[PROVIDED INFORMATION — start]

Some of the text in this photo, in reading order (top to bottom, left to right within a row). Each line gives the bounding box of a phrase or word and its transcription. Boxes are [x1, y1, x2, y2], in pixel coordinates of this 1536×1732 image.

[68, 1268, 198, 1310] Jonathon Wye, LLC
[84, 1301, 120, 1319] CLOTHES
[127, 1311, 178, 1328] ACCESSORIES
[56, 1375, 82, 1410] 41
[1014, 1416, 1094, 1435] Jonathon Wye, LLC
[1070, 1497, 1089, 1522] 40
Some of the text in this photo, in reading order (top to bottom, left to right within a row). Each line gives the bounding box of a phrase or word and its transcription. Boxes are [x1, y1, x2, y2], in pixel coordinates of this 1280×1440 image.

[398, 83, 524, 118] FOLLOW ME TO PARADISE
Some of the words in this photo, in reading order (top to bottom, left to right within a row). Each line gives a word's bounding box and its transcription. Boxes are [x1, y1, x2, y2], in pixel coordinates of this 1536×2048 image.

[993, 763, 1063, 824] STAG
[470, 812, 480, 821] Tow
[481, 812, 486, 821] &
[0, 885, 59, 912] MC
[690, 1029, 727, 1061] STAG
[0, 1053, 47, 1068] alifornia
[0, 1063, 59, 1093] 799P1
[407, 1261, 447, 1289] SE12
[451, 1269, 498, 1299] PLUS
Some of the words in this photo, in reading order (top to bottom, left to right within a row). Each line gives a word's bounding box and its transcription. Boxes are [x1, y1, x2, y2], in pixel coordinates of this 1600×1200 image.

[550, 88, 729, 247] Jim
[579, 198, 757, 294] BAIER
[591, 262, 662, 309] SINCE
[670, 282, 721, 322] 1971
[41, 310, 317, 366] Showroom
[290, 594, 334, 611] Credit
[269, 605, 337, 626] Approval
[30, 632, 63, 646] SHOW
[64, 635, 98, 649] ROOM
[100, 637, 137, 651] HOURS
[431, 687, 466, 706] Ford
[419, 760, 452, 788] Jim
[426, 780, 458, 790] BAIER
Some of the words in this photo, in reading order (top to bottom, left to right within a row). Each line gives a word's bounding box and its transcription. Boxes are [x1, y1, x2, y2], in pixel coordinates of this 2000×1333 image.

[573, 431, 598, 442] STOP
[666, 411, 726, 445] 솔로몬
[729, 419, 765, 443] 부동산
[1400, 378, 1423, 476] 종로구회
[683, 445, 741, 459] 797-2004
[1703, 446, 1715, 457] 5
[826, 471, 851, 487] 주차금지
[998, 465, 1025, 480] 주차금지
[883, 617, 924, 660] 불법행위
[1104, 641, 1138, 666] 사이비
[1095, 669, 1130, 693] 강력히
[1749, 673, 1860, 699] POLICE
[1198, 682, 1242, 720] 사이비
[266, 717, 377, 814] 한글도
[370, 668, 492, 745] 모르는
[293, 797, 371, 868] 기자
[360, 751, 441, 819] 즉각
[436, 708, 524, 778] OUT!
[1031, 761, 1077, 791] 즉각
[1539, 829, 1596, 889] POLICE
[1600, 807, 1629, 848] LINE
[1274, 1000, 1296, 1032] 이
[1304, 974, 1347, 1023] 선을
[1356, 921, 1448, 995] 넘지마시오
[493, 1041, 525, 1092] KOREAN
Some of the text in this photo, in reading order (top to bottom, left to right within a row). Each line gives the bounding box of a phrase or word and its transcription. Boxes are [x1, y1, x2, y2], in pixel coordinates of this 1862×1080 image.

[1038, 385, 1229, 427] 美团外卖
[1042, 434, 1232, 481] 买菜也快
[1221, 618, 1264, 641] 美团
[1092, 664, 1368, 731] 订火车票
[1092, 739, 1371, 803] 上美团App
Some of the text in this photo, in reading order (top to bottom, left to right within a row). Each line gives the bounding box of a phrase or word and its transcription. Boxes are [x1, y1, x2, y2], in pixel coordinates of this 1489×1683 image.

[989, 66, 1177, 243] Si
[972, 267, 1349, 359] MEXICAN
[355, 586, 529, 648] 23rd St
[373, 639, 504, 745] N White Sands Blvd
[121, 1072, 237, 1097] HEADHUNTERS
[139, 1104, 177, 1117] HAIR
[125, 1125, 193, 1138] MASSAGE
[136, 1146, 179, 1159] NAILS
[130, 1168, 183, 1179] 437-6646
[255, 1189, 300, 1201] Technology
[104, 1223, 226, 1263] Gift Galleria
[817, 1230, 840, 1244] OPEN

[PROVIDED INFORMATION — finish]

TASK DESCRIPTION: I would like you to return every entry exactly, with nothing changed.

PROBLEM SOLUTION:
Some of the text in this photo, in reading order (top to bottom, left to right within a row). Each line gives the bounding box of a phrase or word and its transcription. Boxes are [x1, y1, x2, y2], in pixel coordinates of this 1536×1732 image.

[68, 1268, 198, 1310] Jonathon Wye, LLC
[84, 1301, 120, 1319] CLOTHES
[127, 1311, 178, 1328] ACCESSORIES
[56, 1375, 82, 1410] 41
[1014, 1416, 1094, 1435] Jonathon Wye, LLC
[1070, 1497, 1089, 1522] 40
Some of the text in this photo, in reading order (top to bottom, left to right within a row). Each line gives the bounding box of a phrase or word and its transcription. Boxes are [x1, y1, x2, y2], in pixel coordinates of this 1280×1440 image.

[398, 83, 524, 118] FOLLOW ME TO PARADISE
Some of the words in this photo, in reading order (top to bottom, left to right within a row). Each line gives a word's bounding box and its transcription. Boxes are [x1, y1, x2, y2], in pixel coordinates of this 1536×2048 image.

[993, 763, 1063, 824] STAG
[470, 812, 480, 821] Tow
[481, 812, 486, 821] &
[0, 885, 59, 912] MC
[690, 1029, 727, 1061] STAG
[0, 1053, 47, 1068] alifornia
[0, 1063, 59, 1093] 799P1
[407, 1261, 447, 1289] SE12
[451, 1269, 498, 1299] PLUS
Some of the words in this photo, in reading order (top to bottom, left to right within a row). Each line gives a word's bounding box and its transcription. Boxes are [x1, y1, x2, y2], in pixel coordinates of this 1600×1200 image.

[550, 88, 729, 247] Jim
[579, 198, 757, 294] BAIER
[591, 262, 662, 309] SINCE
[670, 282, 721, 322] 1971
[41, 310, 317, 366] Showroom
[290, 594, 334, 611] Credit
[269, 605, 337, 626] Approval
[30, 632, 63, 646] SHOW
[64, 635, 98, 649] ROOM
[100, 637, 137, 651] HOURS
[431, 687, 466, 706] Ford
[419, 760, 452, 788] Jim
[426, 780, 458, 790] BAIER
Some of the words in this photo, in reading order (top to bottom, left to right within a row). Each line gives a word's bounding box and its transcription. Boxes are [x1, y1, x2, y2], in pixel coordinates of this 2000×1333 image.

[573, 431, 598, 442] STOP
[666, 411, 726, 445] 솔로몬
[729, 419, 765, 443] 부동산
[1400, 378, 1423, 476] 종로구회
[683, 445, 741, 459] 797-2004
[1703, 446, 1715, 457] 5
[826, 471, 851, 487] 주차금지
[998, 465, 1025, 480] 주차금지
[883, 617, 924, 660] 불법행위
[1104, 641, 1138, 666] 사이비
[1095, 669, 1130, 693] 강력히
[1749, 673, 1860, 699] POLICE
[1198, 682, 1242, 720] 사이비
[266, 717, 377, 814] 한글도
[370, 668, 492, 745] 모르는
[293, 797, 371, 868] 기자
[360, 751, 441, 819] 즉각
[436, 708, 524, 778] OUT!
[1031, 761, 1077, 791] 즉각
[1539, 829, 1596, 889] POLICE
[1600, 807, 1629, 848] LINE
[1274, 1000, 1296, 1032] 이
[1304, 974, 1347, 1023] 선을
[1356, 921, 1448, 995] 넘지마시오
[493, 1041, 525, 1092] KOREAN
Some of the text in this photo, in reading order (top to bottom, left to right within a row). Each line gives the bounding box of a phrase or word and its transcription. Boxes are [x1, y1, x2, y2], in pixel coordinates of this 1862×1080 image.

[1038, 385, 1229, 427] 美团外卖
[1042, 434, 1232, 481] 买菜也快
[1221, 618, 1264, 641] 美团
[1092, 664, 1368, 731] 订火车票
[1092, 739, 1371, 803] 上美团App
Some of the text in this photo, in reading order (top to bottom, left to right within a row). Each line gives the bounding box of a phrase or word and its transcription. Boxes are [x1, y1, x2, y2], in pixel coordinates of this 1489×1683 image.

[989, 66, 1177, 243] Si
[972, 267, 1349, 359] MEXICAN
[355, 586, 529, 648] 23rd St
[373, 639, 504, 745] N White Sands Blvd
[121, 1072, 237, 1097] HEADHUNTERS
[139, 1104, 177, 1117] HAIR
[125, 1125, 193, 1138] MASSAGE
[136, 1146, 179, 1159] NAILS
[130, 1168, 183, 1179] 437-6646
[255, 1189, 300, 1201] Technology
[104, 1223, 226, 1263] Gift Galleria
[817, 1230, 840, 1244] OPEN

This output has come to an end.